▶ [GIVEN RECORDS]
--------

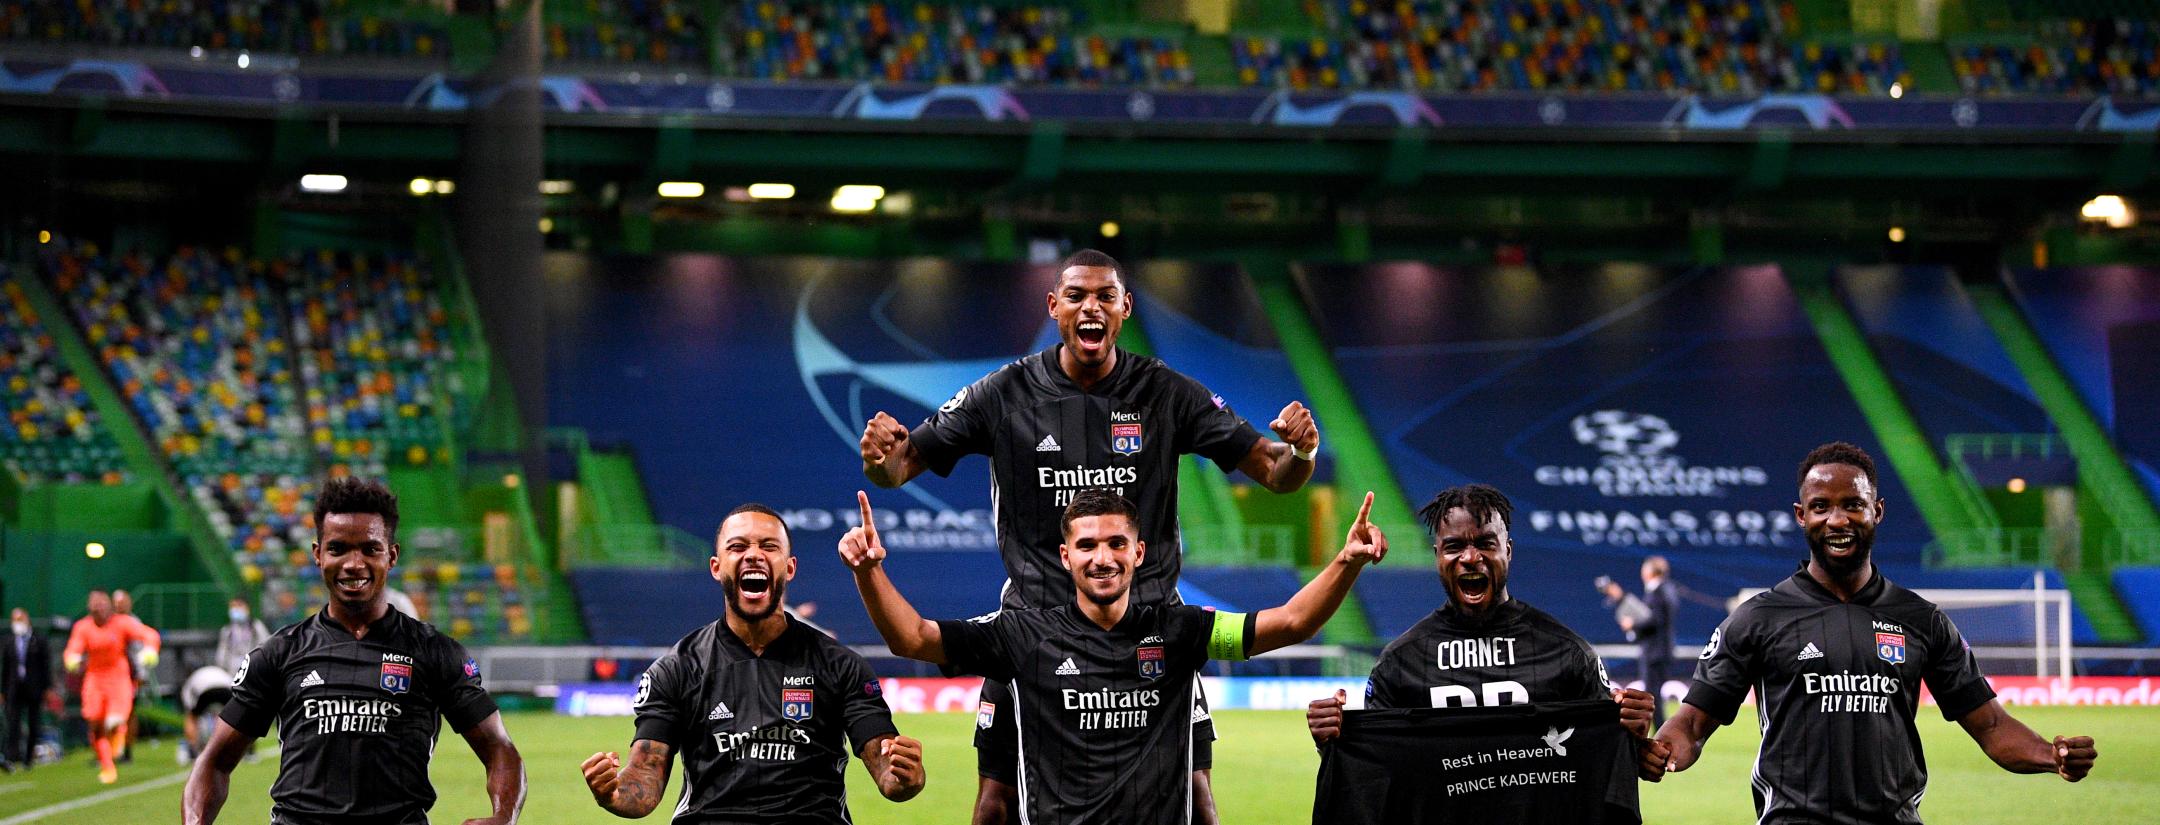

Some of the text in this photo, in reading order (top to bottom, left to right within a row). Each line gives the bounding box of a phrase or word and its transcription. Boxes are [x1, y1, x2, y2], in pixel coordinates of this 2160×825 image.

[1111, 411, 1140, 422] Merci
[1038, 465, 1137, 488] Emirates
[1055, 489, 1076, 507] FLY
[1706, 510, 1796, 532] 202
[1872, 620, 1903, 633] Merci
[382, 652, 413, 665] Merci
[1437, 637, 1516, 670] CORNET
[1797, 651, 1824, 661] adidas
[783, 674, 815, 686] Merci
[1803, 669, 1900, 694] Emirates
[303, 696, 402, 719] Emirates
[1062, 687, 1160, 710] Emirates
[1820, 694, 1888, 714] FLY BETTER
[317, 715, 388, 735] FLY BETTER
[708, 711, 734, 720] adidas
[1079, 710, 1148, 730] FLY BETTER
[712, 724, 811, 753] Emirates
[750, 742, 796, 760] BETTER
[1441, 747, 1553, 771] Rest in Heaven
[1446, 770, 1577, 797] PRINCE KADEWERE
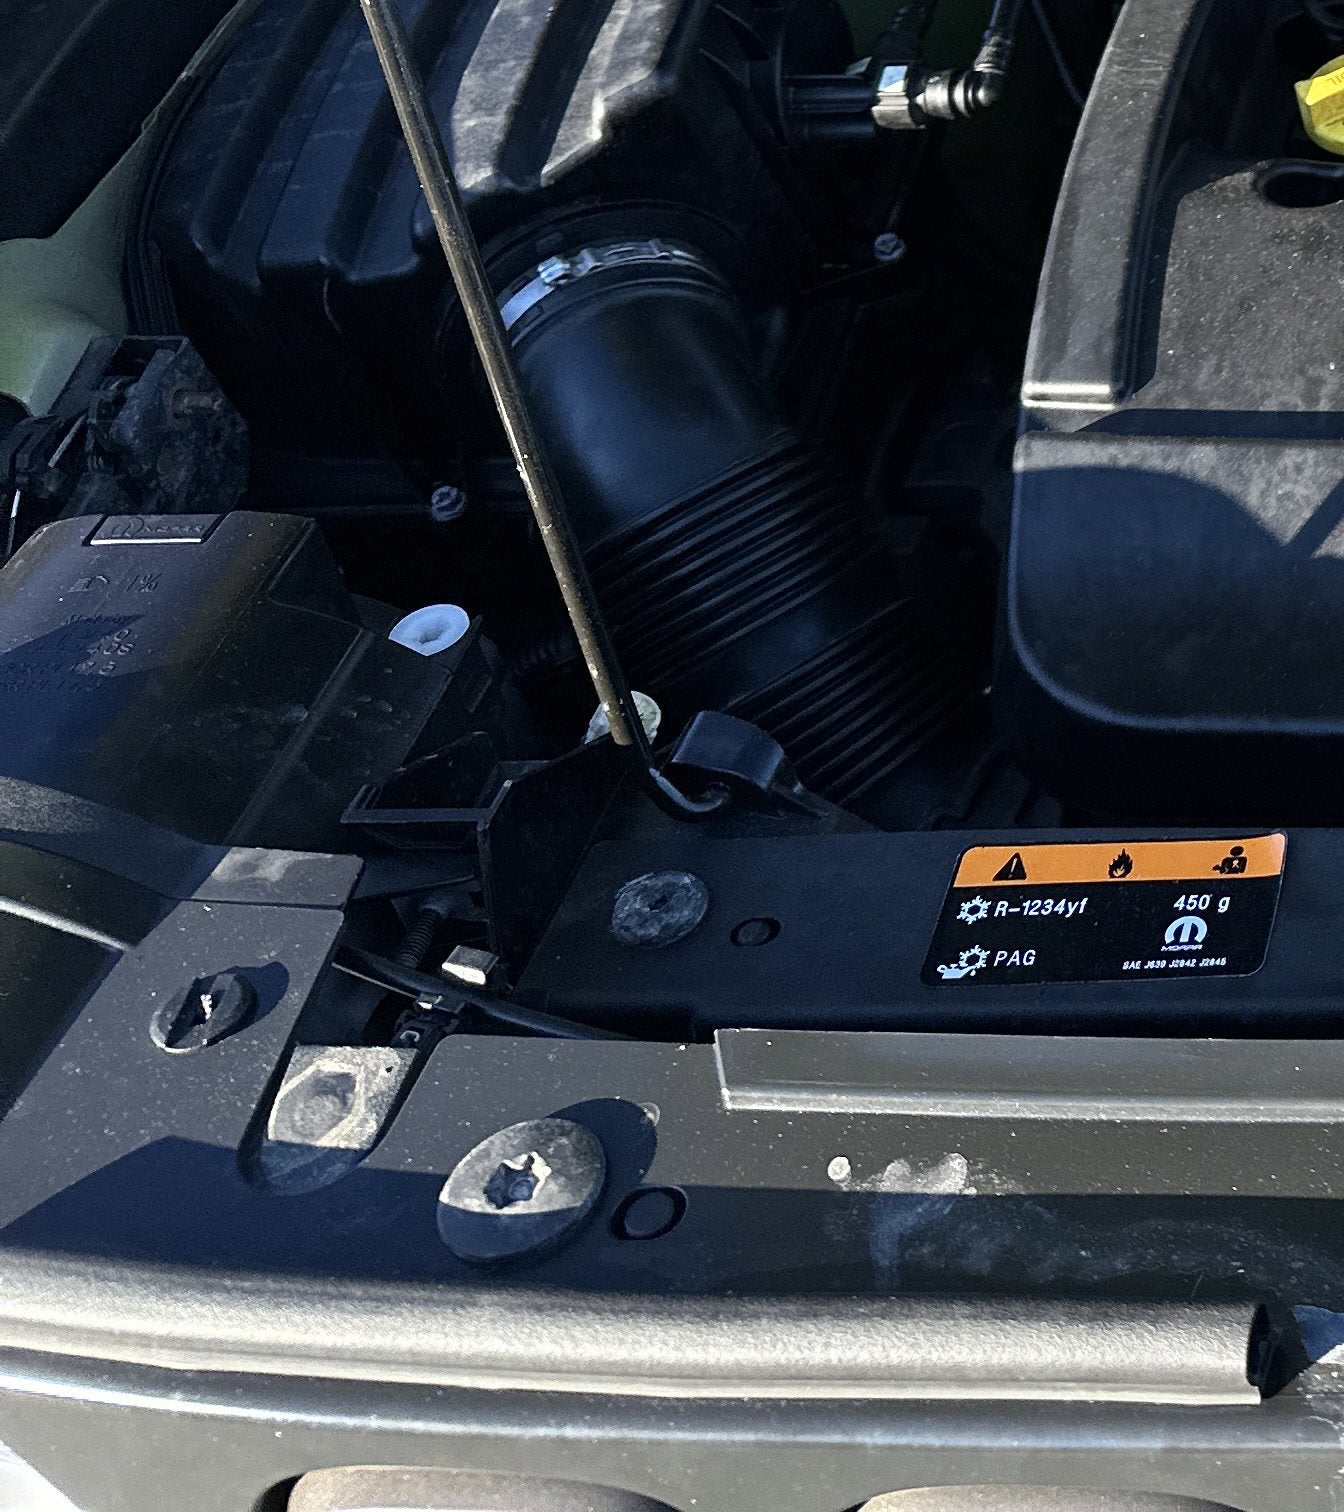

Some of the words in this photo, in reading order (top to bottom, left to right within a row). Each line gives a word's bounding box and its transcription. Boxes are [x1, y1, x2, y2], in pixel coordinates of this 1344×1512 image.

[994, 897, 1089, 918] R-1234yf
[1172, 894, 1212, 911] 450
[1217, 896, 1231, 913] g
[994, 949, 1037, 967] PAG
[1122, 960, 1142, 970] SAE
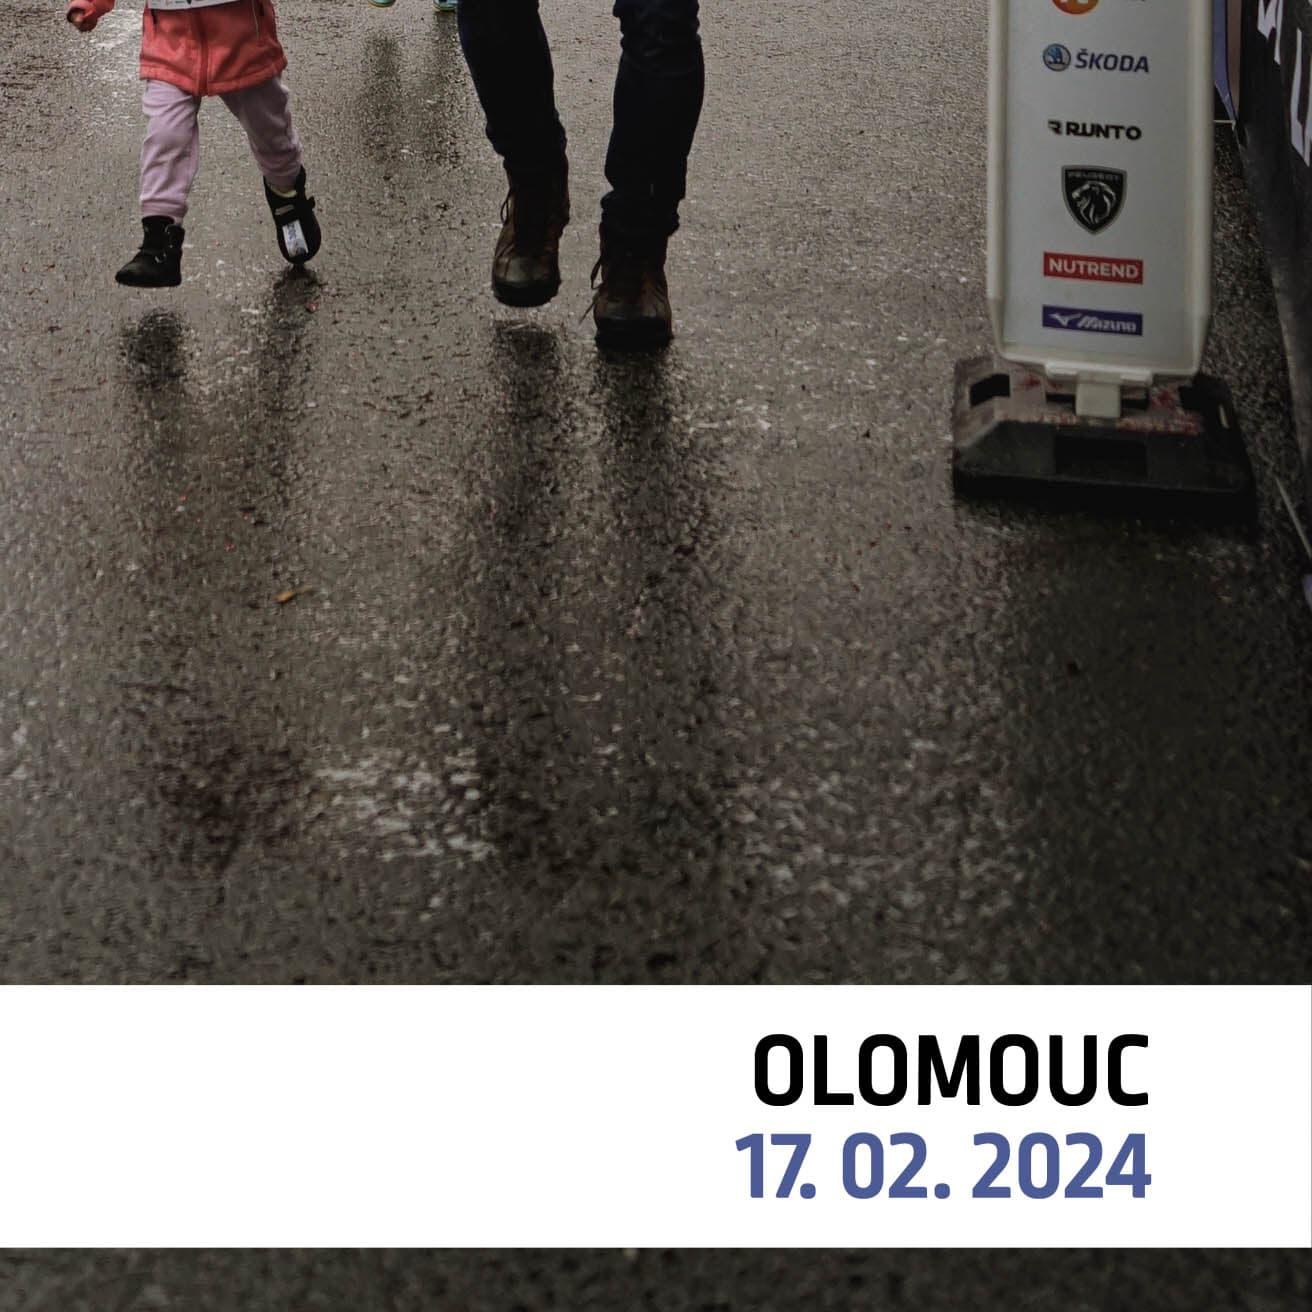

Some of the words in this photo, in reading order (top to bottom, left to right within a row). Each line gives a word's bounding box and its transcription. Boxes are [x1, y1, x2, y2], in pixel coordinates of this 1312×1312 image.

[1075, 47, 1150, 74] ŠKODA
[1065, 120, 1143, 141] RUNTO
[1048, 258, 1139, 279] NUTREND

--------

Each record above goes into the copy unchanged; the pictures do not.

Some of the text in this photo, in reading order (top to bottom, left to right within a row). Each line gives the bounding box of a phrase or word and its transcription. Boxes are [x1, y1, x2, y2], in pixel coordinates of this 2160×825 image.

[1111, 411, 1140, 422] Merci
[1038, 465, 1137, 488] Emirates
[1055, 489, 1076, 507] FLY
[1706, 510, 1796, 532] 202
[1872, 620, 1903, 633] Merci
[382, 652, 413, 665] Merci
[1437, 637, 1516, 670] CORNET
[1797, 651, 1824, 661] adidas
[783, 674, 815, 686] Merci
[1803, 669, 1900, 694] Emirates
[303, 696, 402, 719] Emirates
[1062, 687, 1160, 710] Emirates
[1820, 694, 1888, 714] FLY BETTER
[317, 715, 388, 735] FLY BETTER
[708, 711, 734, 720] adidas
[1079, 710, 1148, 730] FLY BETTER
[712, 724, 811, 753] Emirates
[750, 742, 796, 760] BETTER
[1441, 747, 1553, 771] Rest in Heaven
[1446, 770, 1577, 797] PRINCE KADEWERE

Some of the words in this photo, in reading order (top to bottom, left to right within a row). Each line gives a word's bounding box and its transcription. Boxes are [x1, y1, x2, y2], in pixel coordinates of this 1344×1512 image.

[994, 897, 1089, 918] R-1234yf
[1172, 894, 1212, 911] 450
[1217, 896, 1231, 913] g
[994, 949, 1037, 967] PAG
[1122, 960, 1142, 970] SAE

Some of the words in this photo, in reading order (top to bottom, left to right within a row). Each line gives a word's bounding box and its transcription. Boxes are [x1, y1, x2, y2], in pixel coordinates of this 1312×1312 image.

[1075, 47, 1150, 74] ŠKODA
[1065, 120, 1143, 141] RUNTO
[1048, 258, 1139, 279] NUTREND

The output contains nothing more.